|Former Conservative Party chief whip Andrew Mitchell|
In The Sunday Times of February 16 2014 the human rights campaigner Shami Chakrabarti wrote a comment piece, 'A policeman’s lot must include being called a liar.' In that she said that a successful libel action against Andrew Mitchell could set a dangerous precedent:
"The decision of an officer, backed by the Police Federation, to sue Andrew Mitchell for libel over his account of the Plebgate affair risks setting a very troubling precedent that could leave all of us less able to challenge abuses of power and hold the police to account for the normal discharge of their vital duties."She explained that being called a liar should fall among the rough and tumble of police life:
"It may be unfair, but serving police officers will be, and are, called liars every day. It’s as much an occupational hazard as being trolled on Twitter is for me. Inevitably, much of their work in “keeping the Queen’s peace” involves less-than-happy exchanges with those who may want to dispute their treatment afterwards. If a criminal charge follows, a defendant can put his word against that of an officer in court. But what if the evidence or public interest does not warrant a prosecution but the citizen wants to complain about police conduct? Or if damaging allegations are made public, as in the Andrew Mitchell incident? It is surely only right that we are able to deny police allegations about our conduct or character without fear of civil proceedings.
She explained the possible ramifications:
"If we cannot challenge the word of an on-duty police officer for fear of being sued for libel, imagine the consequences that could follow. Imagine the newspaper stories that could not be written and the complaints by the vulnerable, who had been stopped or detained, that might not be heard. Civil legal aid has been just about killed off in this country. And, in any event, it is not available for libel proceedings.

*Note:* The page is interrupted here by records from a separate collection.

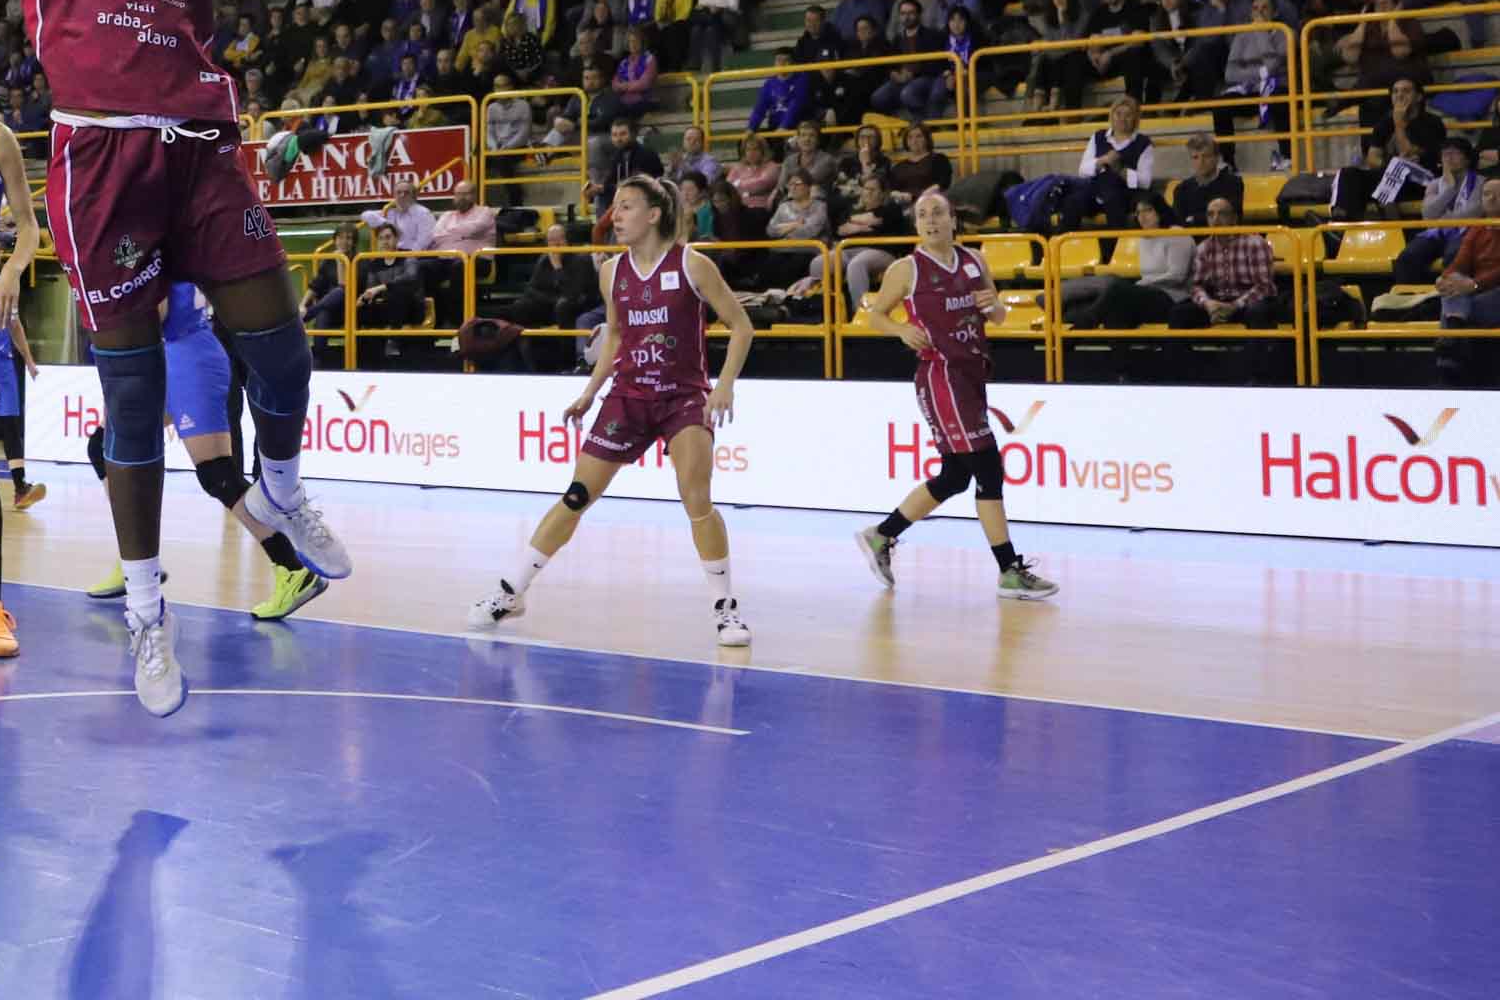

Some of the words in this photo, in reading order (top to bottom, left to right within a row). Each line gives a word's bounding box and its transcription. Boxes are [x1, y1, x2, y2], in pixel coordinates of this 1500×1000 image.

[126, 1, 156, 14] visit
[97, 12, 141, 29] araba
[278, 178, 301, 201] LA
[243, 205, 271, 240] 42
[88, 290, 109, 304] EL
[628, 306, 669, 326] ARASKI
[390, 429, 461, 466] viajes
[1070, 457, 1174, 502] viajes
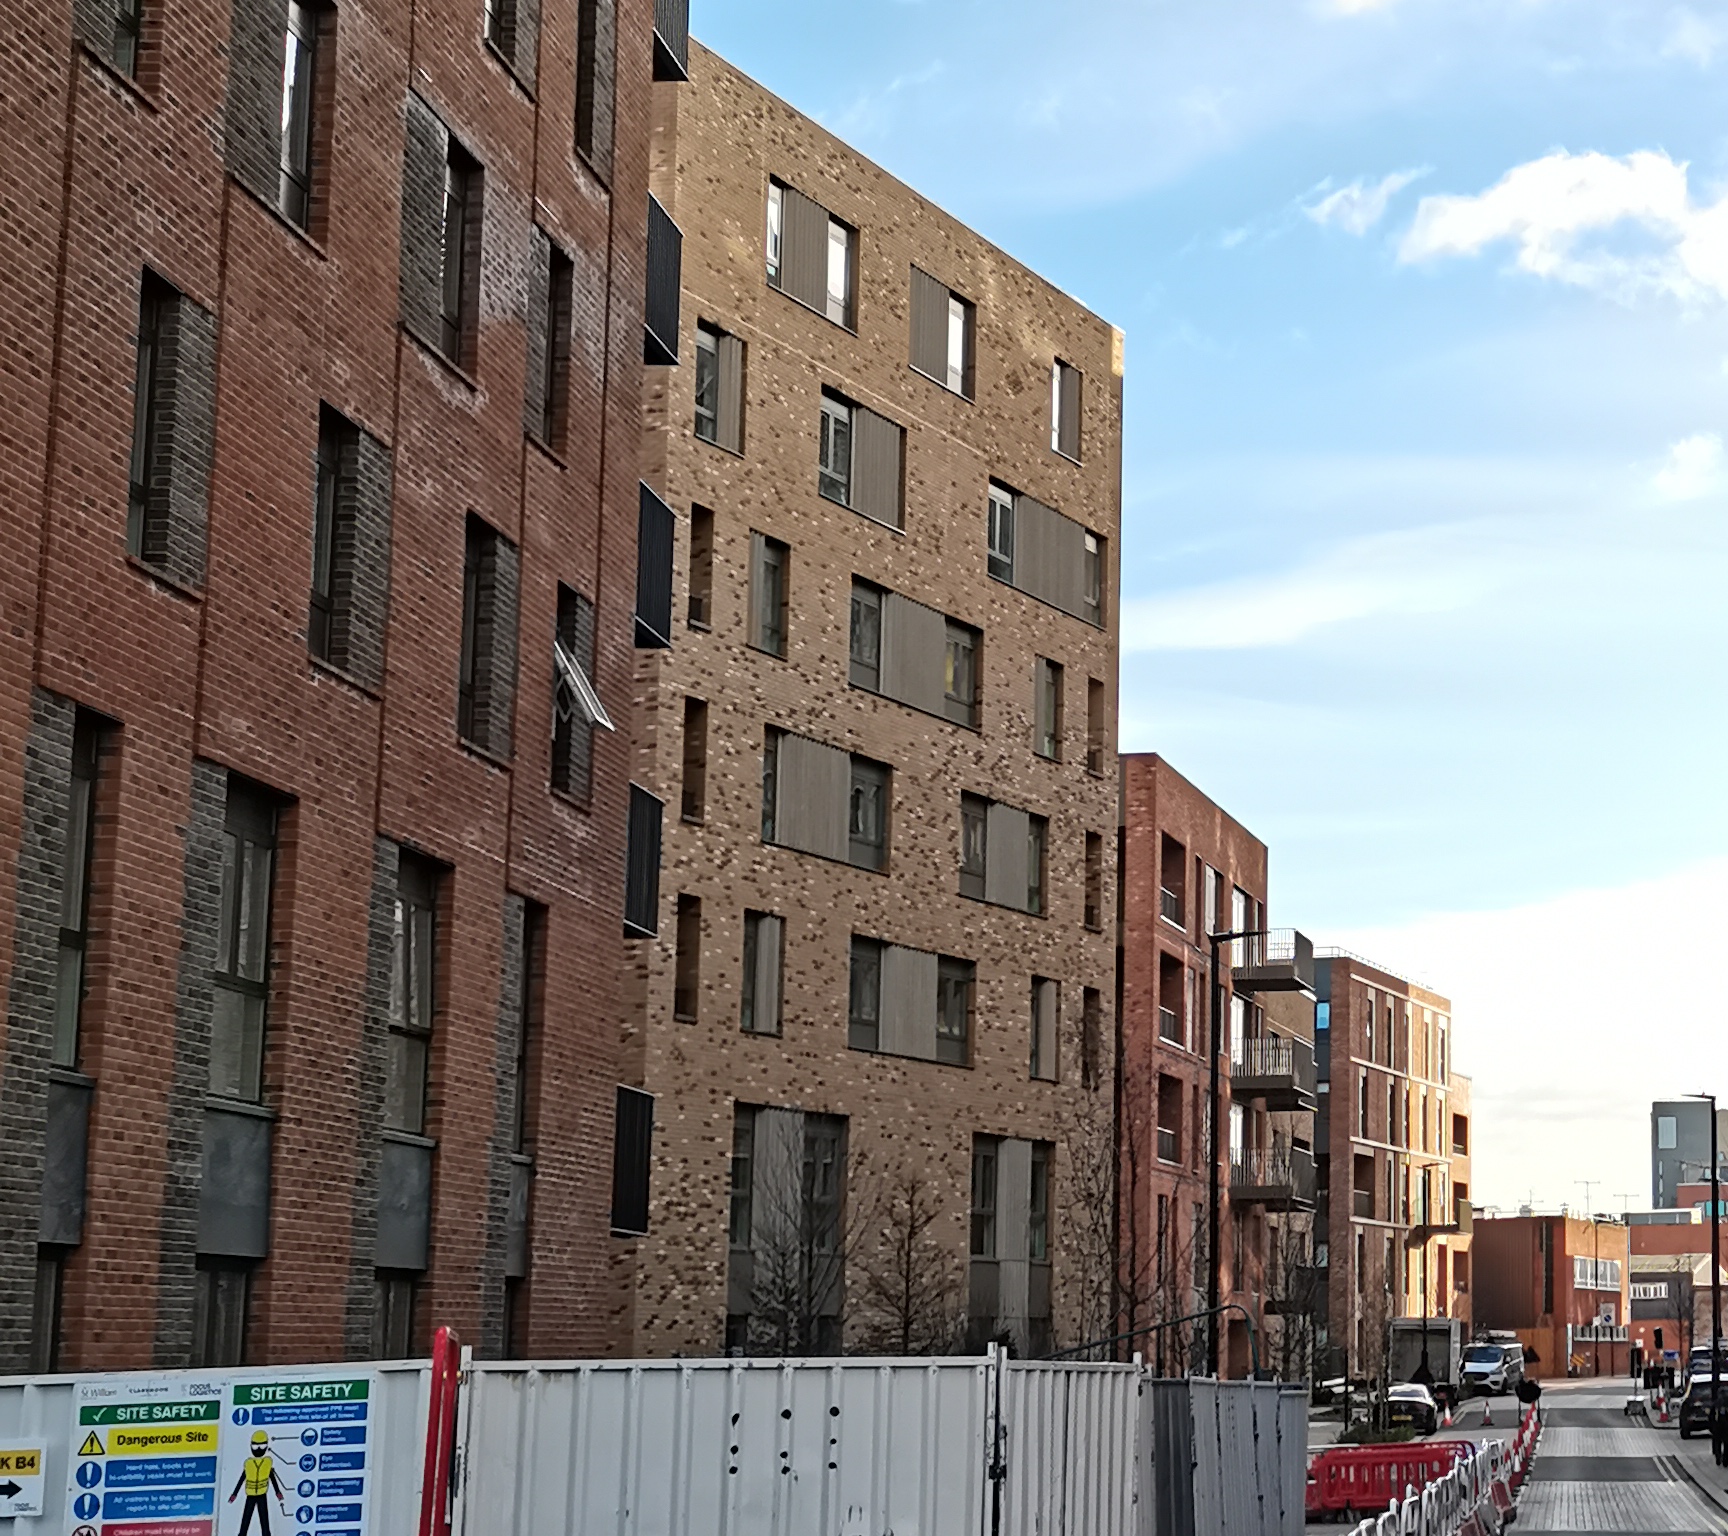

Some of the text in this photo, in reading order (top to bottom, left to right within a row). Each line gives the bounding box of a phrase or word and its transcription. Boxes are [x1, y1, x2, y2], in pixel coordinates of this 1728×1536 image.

[250, 1383, 353, 1402] SITE SAFETY
[116, 1404, 208, 1421] SITE SAFETY
[117, 1431, 209, 1448] Dangerous Site
[15, 1455, 36, 1470] B4
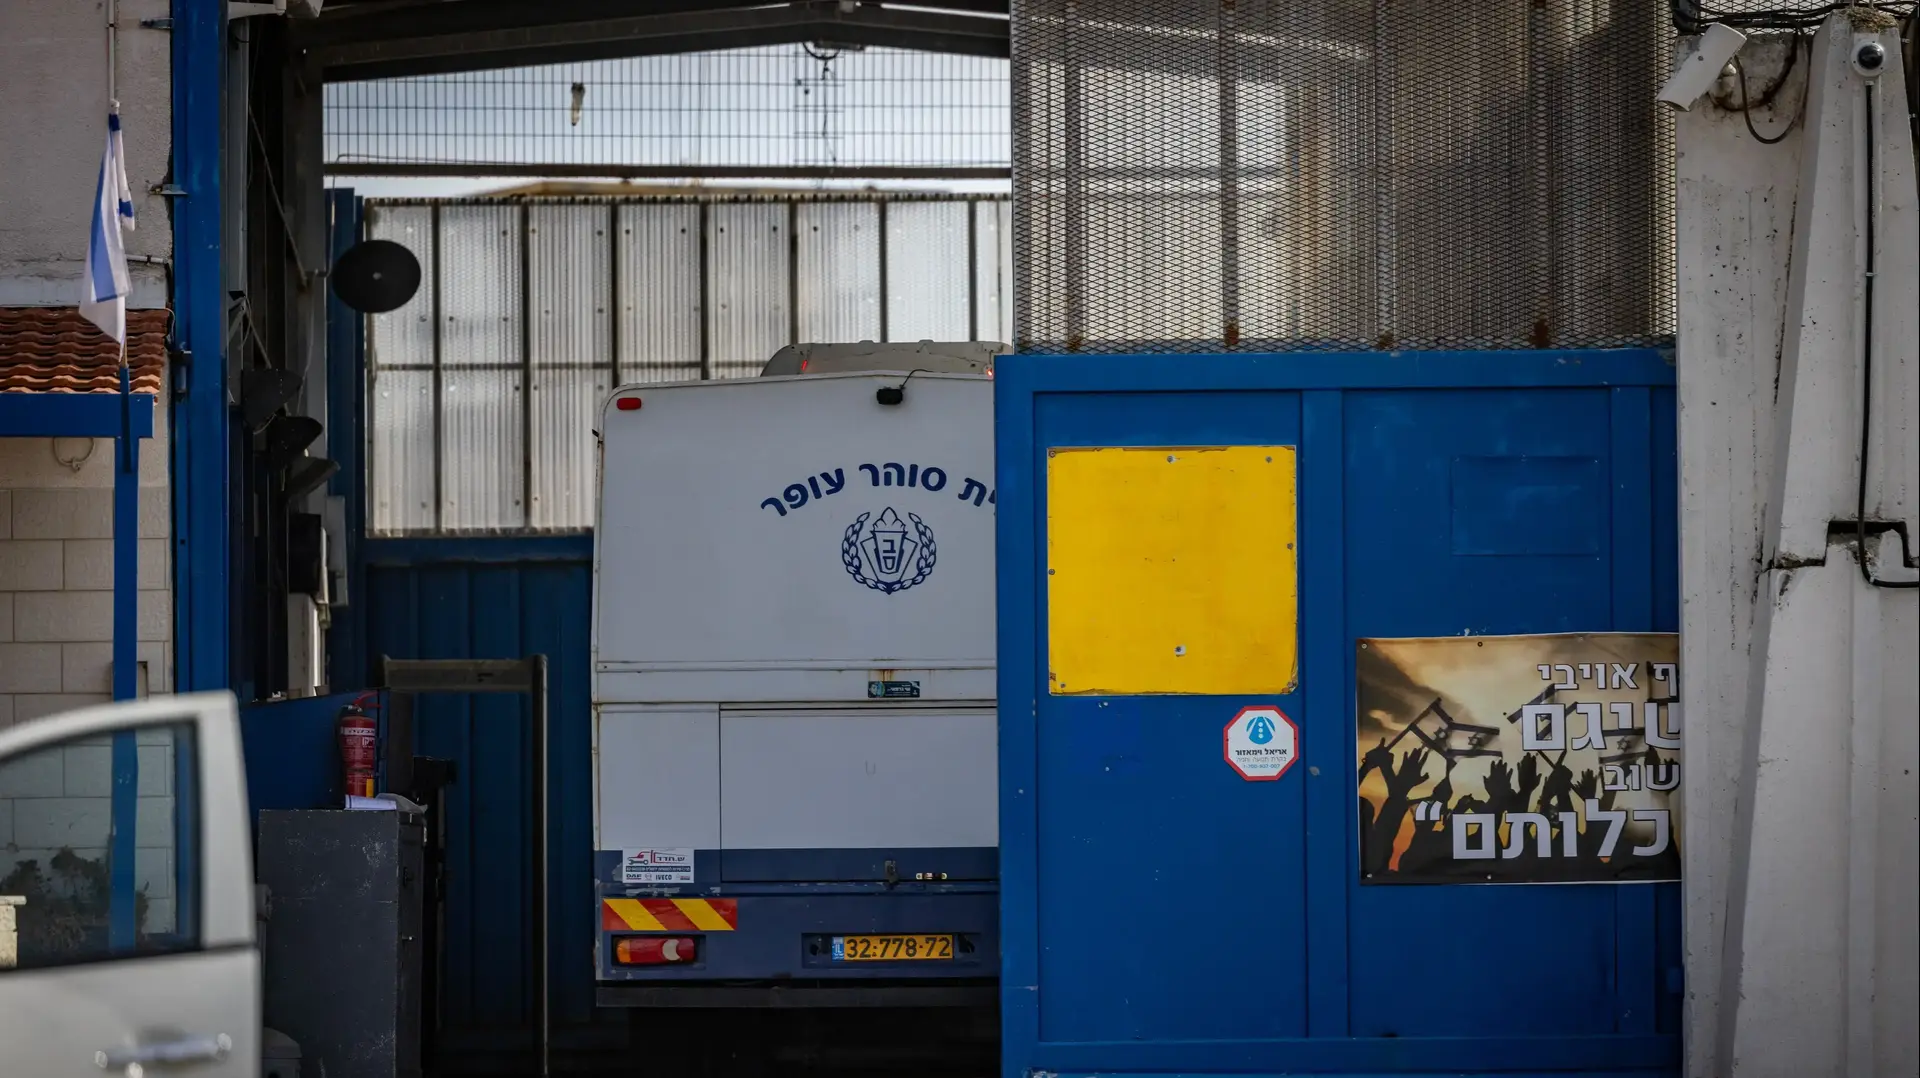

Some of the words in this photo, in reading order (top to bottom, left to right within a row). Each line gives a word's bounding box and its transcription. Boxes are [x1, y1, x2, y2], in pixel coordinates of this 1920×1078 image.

[858, 462, 947, 492] סוהר
[760, 467, 845, 517] עופר
[1536, 662, 1639, 690] אויבי
[1604, 763, 1681, 792] שוב
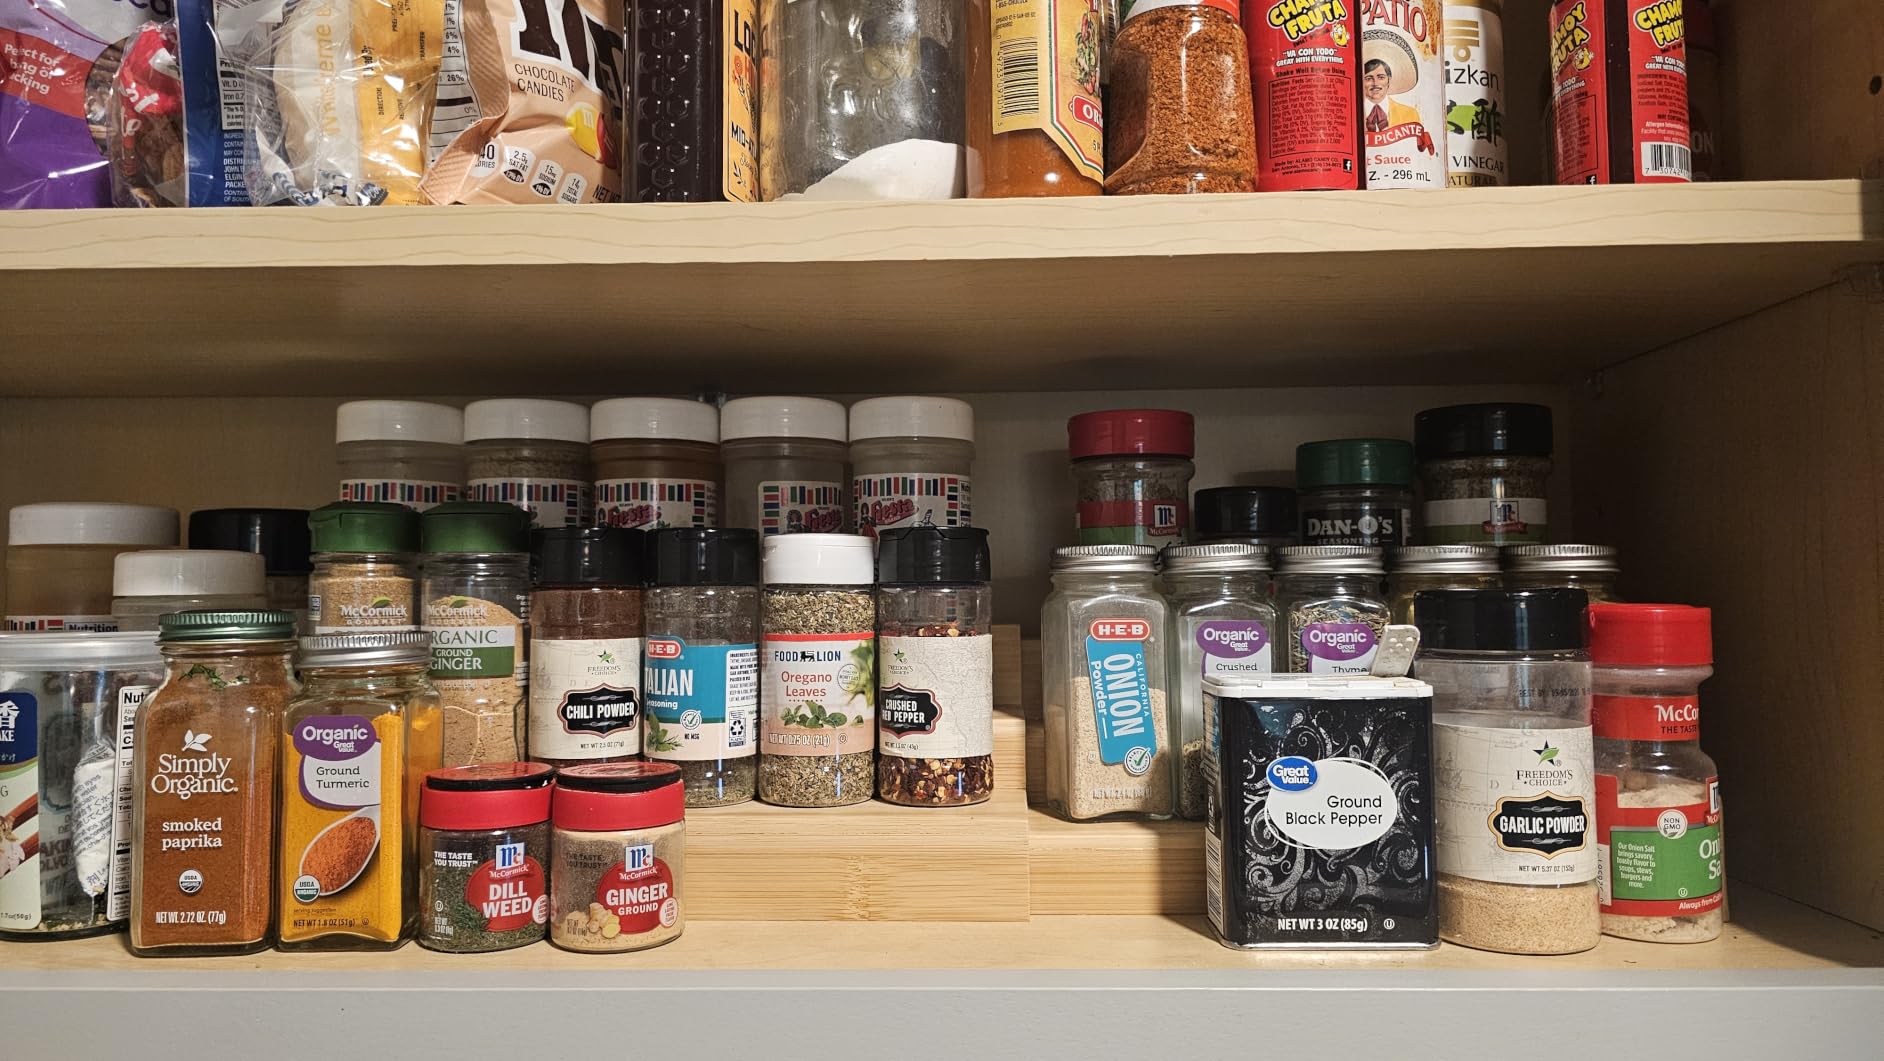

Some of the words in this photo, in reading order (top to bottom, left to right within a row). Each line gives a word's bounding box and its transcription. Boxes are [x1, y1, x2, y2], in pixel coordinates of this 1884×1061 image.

[1285, 0, 1346, 39] FRUTA
[1298, 48, 1313, 56] CON
[1276, 59, 1295, 67] GREAT
[1312, 55, 1344, 64] EVERYTHING
[514, 63, 575, 93] CHOCOLATE
[1276, 70, 1294, 78] Shake
[1332, 67, 1346, 76] Using
[1444, 60, 1500, 92] izkan
[517, 78, 564, 102] CANDIES
[1374, 124, 1423, 145] PICANTE
[1375, 154, 1411, 165] Sauce
[1453, 155, 1504, 172] VINEGAR
[1392, 169, 1413, 180] 296
[1416, 171, 1431, 182] mL
[593, 184, 609, 199] NET
[871, 498, 914, 524] Fiesta
[1307, 517, 1394, 537] DAN-O'S
[1317, 537, 1380, 546] SEASONING
[340, 605, 408, 617] McCormick
[1203, 626, 1260, 647] Organic
[1309, 628, 1367, 648] Organic
[1229, 641, 1248, 649] Great
[1336, 643, 1356, 651] Great
[435, 649, 473, 657] GROUND
[774, 650, 798, 662] FOOD
[817, 650, 841, 662] LION
[430, 657, 482, 670] GINGER
[1216, 663, 1258, 671] Crushed
[1331, 665, 1367, 673] Thyme
[781, 671, 832, 685] Oregano
[786, 685, 826, 697] Leaves
[1090, 660, 1107, 717] Powder
[1135, 653, 1150, 717] CALIFORNIA
[1103, 653, 1145, 737] ONION
[566, 705, 593, 719] CHILI
[596, 702, 635, 719] POWDER
[885, 699, 917, 712] CRUSHED
[893, 711, 925, 724] PEPPER
[302, 724, 369, 745] Organic
[1662, 726, 1678, 734] THE
[333, 740, 354, 749] Great
[769, 733, 778, 744] NET
[778, 734, 787, 744] WT
[788, 734, 801, 745] 0.75
[802, 735, 811, 745] OZ
[158, 752, 232, 779] Simply
[316, 765, 360, 776] Ground
[1272, 764, 1310, 778] Great
[1282, 774, 1310, 785] Value
[1516, 769, 1573, 780] FREEDOM'S
[316, 778, 370, 789] Turmeric
[1327, 795, 1382, 808] Ground
[162, 817, 222, 832] smoked
[1286, 812, 1325, 825] Black
[1331, 812, 1383, 828] Pepper
[1500, 816, 1544, 834] GARLIC
[1546, 815, 1585, 834] POWDER
[161, 834, 223, 851] paprika
[434, 850, 446, 859] THE
[448, 852, 473, 860] TASTE
[1618, 850, 1634, 858] brings
[434, 858, 447, 867] YOU
[489, 864, 530, 879] McCormick
[618, 866, 659, 881] McCormick
[1621, 872, 1641, 880] burgers
[489, 880, 528, 900] DILL
[606, 882, 668, 906] GINGER
[482, 896, 533, 919] WEED
[618, 902, 659, 916] GROUND
[1679, 900, 1701, 910] Always
[1702, 898, 1713, 906] from
[156, 911, 167, 924] NET
[180, 911, 195, 924] 2.72
[208, 910, 226, 925] (77g)
[293, 919, 305, 927] NET
[306, 919, 316, 927] WT
[1277, 918, 1299, 930] NET
[1299, 918, 1315, 930] WT
[1317, 918, 1324, 930] 3
[1325, 918, 1339, 930] OZ
[1340, 917, 1368, 932] (85g)

That means that the mere threat of libel action by an officer, backed by his professional association, would be enough to silence all but the wealthiest people in Britain. So it is one thing for ordinary citizens to run around suing one another in civil courts (if they can afford to), but surely police officers should generally restrict their right to legal action to criminal prosecutions — and only when the evidence and public interest justify it."